What should come back is the data below, word for word, minus any picture.

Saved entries
******************************

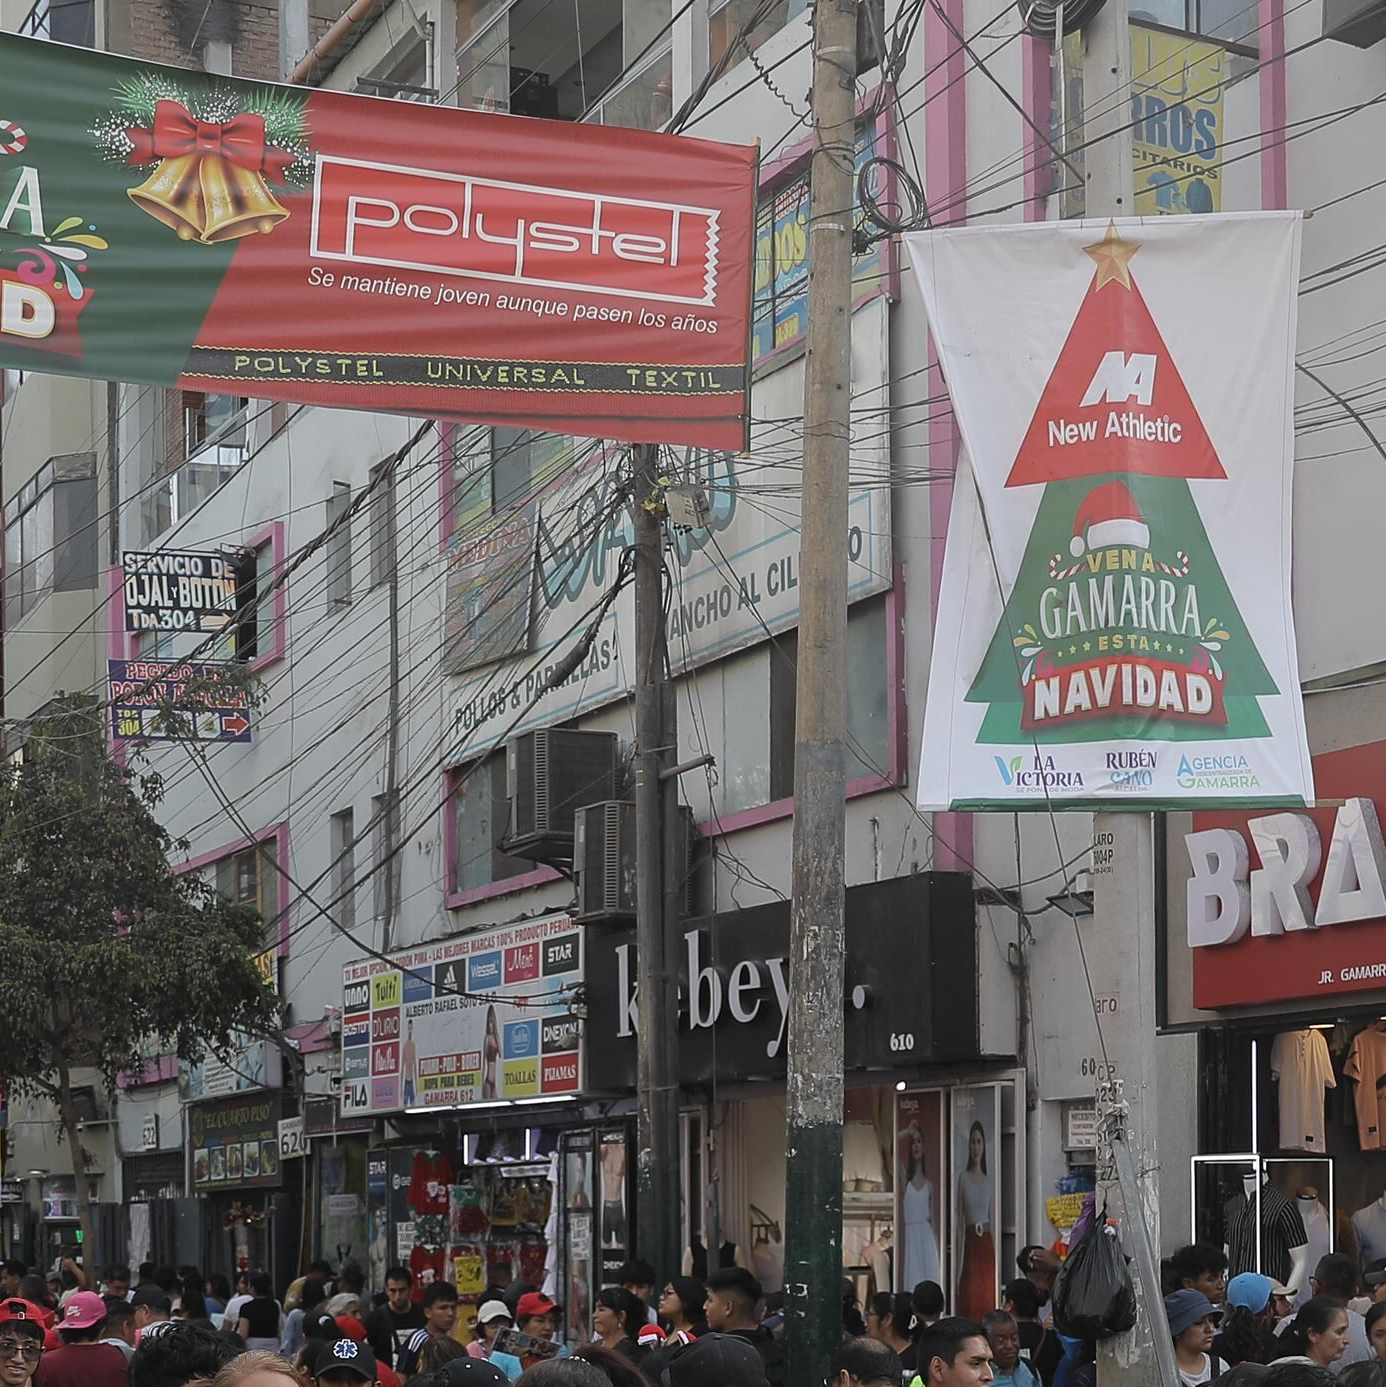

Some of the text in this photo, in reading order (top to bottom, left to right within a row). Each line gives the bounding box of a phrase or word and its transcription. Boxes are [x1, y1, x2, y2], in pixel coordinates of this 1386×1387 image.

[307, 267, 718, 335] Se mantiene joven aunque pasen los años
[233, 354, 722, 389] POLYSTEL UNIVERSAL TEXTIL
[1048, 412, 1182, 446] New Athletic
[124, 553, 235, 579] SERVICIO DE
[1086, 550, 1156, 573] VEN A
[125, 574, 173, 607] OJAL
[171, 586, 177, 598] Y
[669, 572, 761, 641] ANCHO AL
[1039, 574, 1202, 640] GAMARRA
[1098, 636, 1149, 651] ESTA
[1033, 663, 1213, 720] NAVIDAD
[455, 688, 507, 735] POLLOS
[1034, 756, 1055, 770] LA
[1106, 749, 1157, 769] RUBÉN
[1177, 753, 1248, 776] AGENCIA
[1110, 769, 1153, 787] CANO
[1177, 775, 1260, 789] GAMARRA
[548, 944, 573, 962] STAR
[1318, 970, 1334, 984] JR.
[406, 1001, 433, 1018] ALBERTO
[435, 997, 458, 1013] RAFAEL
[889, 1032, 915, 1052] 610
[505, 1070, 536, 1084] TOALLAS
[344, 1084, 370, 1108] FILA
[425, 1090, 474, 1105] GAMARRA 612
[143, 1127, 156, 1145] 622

******************************

Written response:
Some of the text in this photo, in reading order (top to bottom, left to right within a row). Each line gives the bounding box of a phrase or word and its transcription. Boxes are [x1, y1, x2, y2], in pixel coordinates of this 1386×1387 image.

[307, 267, 718, 335] Se mantiene joven aunque pasen los años
[233, 354, 722, 389] POLYSTEL UNIVERSAL TEXTIL
[1048, 412, 1182, 446] New Athletic
[124, 553, 235, 579] SERVICIO DE
[1086, 550, 1156, 573] VEN A
[125, 574, 173, 607] OJAL
[171, 586, 177, 598] Y
[669, 572, 761, 641] ANCHO AL
[1039, 574, 1202, 640] GAMARRA
[1098, 636, 1149, 651] ESTA
[1033, 663, 1213, 720] NAVIDAD
[455, 688, 507, 735] POLLOS
[1034, 756, 1055, 770] LA
[1106, 749, 1157, 769] RUBÉN
[1177, 753, 1248, 776] AGENCIA
[1110, 769, 1153, 787] CANO
[1177, 775, 1260, 789] GAMARRA
[548, 944, 573, 962] STAR
[1318, 970, 1334, 984] JR.
[406, 1001, 433, 1018] ALBERTO
[435, 997, 458, 1013] RAFAEL
[889, 1032, 915, 1052] 610
[505, 1070, 536, 1084] TOALLAS
[344, 1084, 370, 1108] FILA
[425, 1090, 474, 1105] GAMARRA 612
[143, 1127, 156, 1145] 622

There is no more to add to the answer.